Qualora i genitori non si siano dimostrati disponibili a collaborare all’attuazione del progetto di sostegno predisposto nell’interesse del figlio o, nonostante i supporti, continuino a manifestarsi incapaci di svolgere con sufficiente consapevolezza e responsabilità il proprio ruolo educativo ed affettivo, il figlio verrà affidato al servizio sociale che, a seconda dei casi e della valutata inidoneità genitoriale, sarà tenuto a collocare il minore presso il genitore che il Tribunale ha ritenuto maggiormente in grado di rispondere alle sue esigenze di crescita. In caso di inidoneità di entrambi e di assenza di altri familiari capaci di prendersi cura del minore, quest’ultimo andrà in affidamento eterofamiliare o in una comunità educativa.

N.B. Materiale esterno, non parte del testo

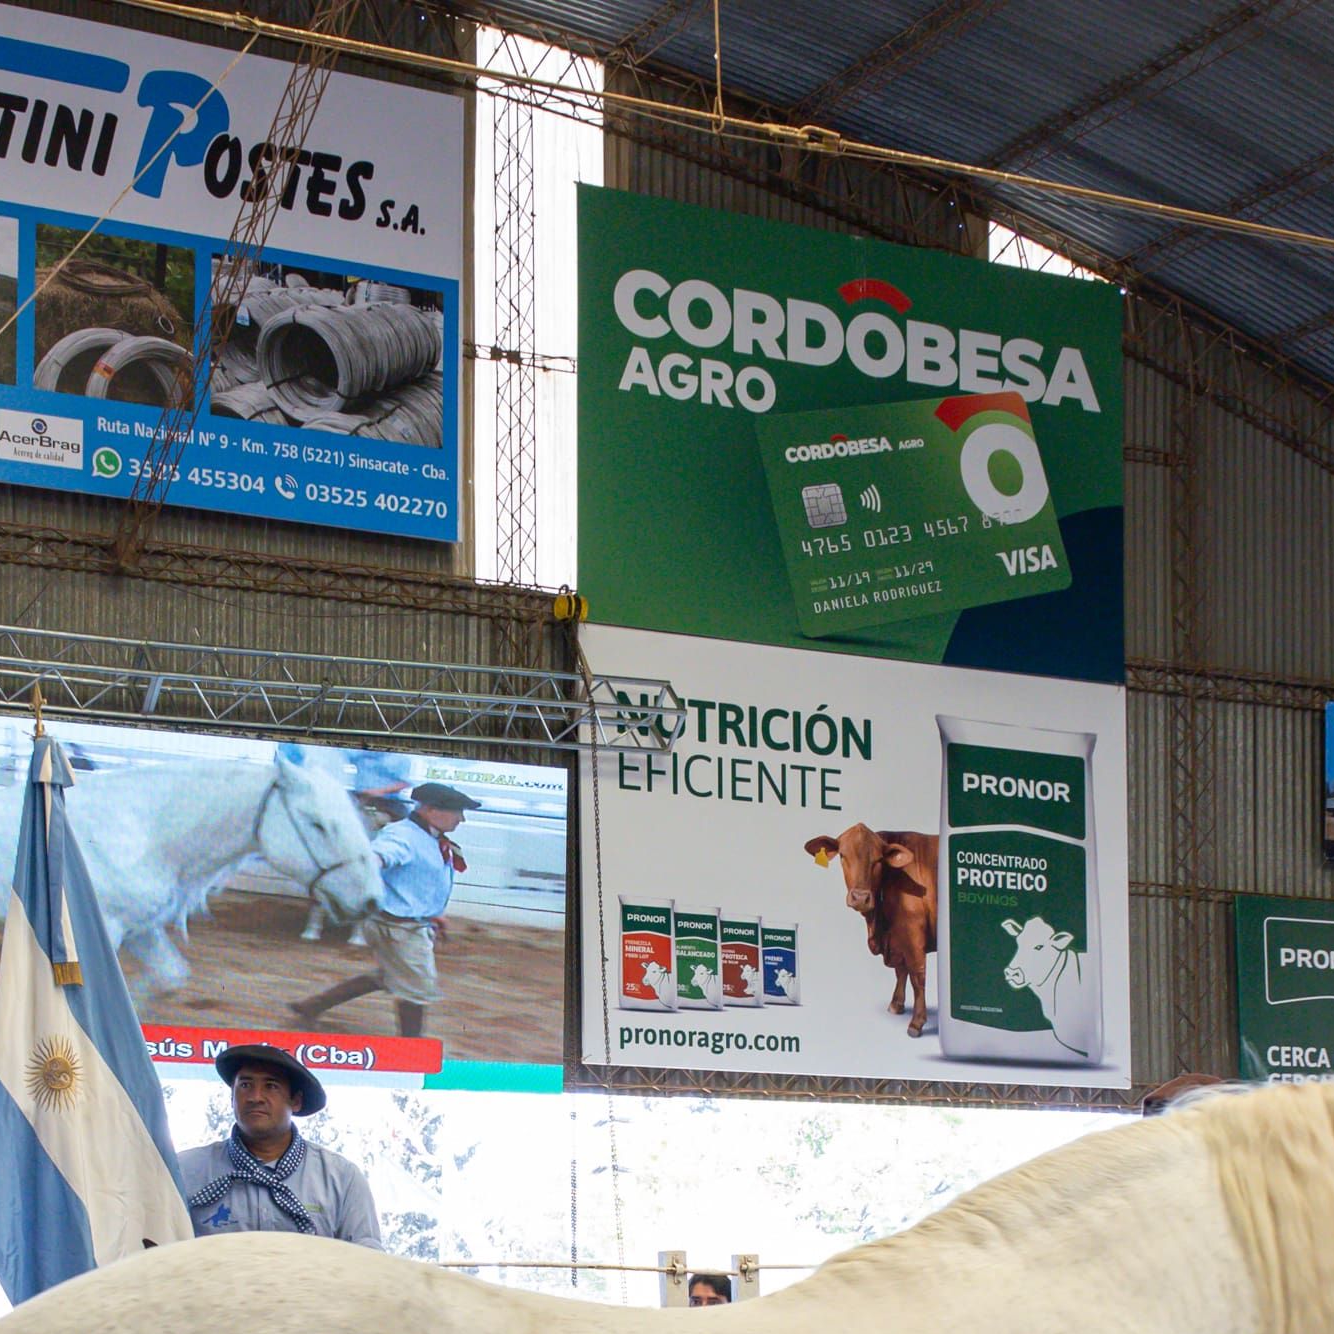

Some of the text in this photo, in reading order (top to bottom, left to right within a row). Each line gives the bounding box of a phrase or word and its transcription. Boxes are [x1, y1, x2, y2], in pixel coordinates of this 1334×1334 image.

[133, 70, 374, 220] POSTES
[376, 199, 426, 235] S.A.
[614, 269, 1101, 413] CORDOBESA
[618, 346, 776, 413] AGRO
[0, 430, 81, 454] AcerBrag
[97, 416, 130, 436] Ruta
[219, 435, 228, 449] 9
[242, 438, 267, 455] Km.
[273, 442, 299, 459] 758
[302, 446, 345, 468] (5221)
[349, 454, 409, 475] Sinsacate
[422, 464, 449, 481] Cba.
[785, 436, 925, 463] CORDOBESA AGRO
[128, 458, 448, 518] 3525 455304 03525 402270
[802, 534, 851, 557] 4765
[864, 525, 912, 547] 0123
[924, 516, 968, 537] 4567
[829, 571, 870, 589] 11/19
[894, 560, 933, 578] 11/29
[995, 545, 1058, 576] VISA
[814, 581, 942, 613] DANIELA RODRIGUEZ
[617, 691, 872, 760] NUTRICIÓN
[619, 752, 842, 811] EFICIENTE
[962, 771, 1071, 802] PRONOR
[957, 851, 1047, 871] CONCENTRADO
[957, 867, 1047, 892] PROTEICO
[958, 892, 1018, 907] BOVINOS
[627, 913, 666, 924] PRONOR
[678, 921, 713, 930] PRONOR
[723, 928, 755, 936] PRONOR
[764, 934, 792, 942] PRONOR
[619, 1024, 801, 1053] pronoragro.com
[295, 1043, 375, 1070] (Cba)
[1267, 1045, 1331, 1068] CERCA

I descritti interventi hanno il comune obiettivo di assicurare alla persona di minore età il diritto di crescere nella propria famiglia, come espressamente riconosciuto dall’art. 315 bis cod. civ., prevedendo il suo allontanamento dalla stessa solo come extrema ratio.
Silvia Scotto di Santolo: Secondo la sua visione personale, il mondo della giustizia potrà adattarsi totalmente al lavoro da remoto oppure è fondamentale il contatto one-to-one?

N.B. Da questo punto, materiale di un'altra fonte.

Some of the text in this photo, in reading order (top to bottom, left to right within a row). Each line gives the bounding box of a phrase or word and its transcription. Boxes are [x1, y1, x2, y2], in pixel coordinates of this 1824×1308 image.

Maria Carla Gatto: Nell’ambito della giustizia minorile non è possibile abdicare totalmente al digitale. Basta pensare al delicato compito dell’ascolto del minore, che deve essere scevro da condizionamenti e da influenze da parte di quei soggetti che gli sono vicini. Inoltre il sistema mediato attraverso il video può creare una eventuale barriera ai danni della spontaneità della dichiarazione e non consentire di analizzare il suo comportamento e i suoi atteggiamenti, indicativi di emozioni, di tentennamenti e di reazioni.
Certamente è possibile fare tesoro di questa esperienza introdotta con l’emergenza cogliendo le opportunità del nuovo strumento digitale, laddove possibile, in quanto lo stesso assicura maggiore celerità, risparmio di tempo e di risorse economiche. Occorre cioè avere la capacità di trarre, anche dalle situazioni più critiche, quelle soluzioni operative che possono rendere più efficiente la risposta giudiziaria.
Ringrazio ancora la Presidente del Tribunale dei Minori di Milano Maria Carla Gatto, per la sua disponibilità e per aver condiviso con me la sua esperienza.
Mi piace sottolineare che è stata la prima intervista in presenza, dopo mesi di lock-down: finalmente si intravede la tanto attesa normalità.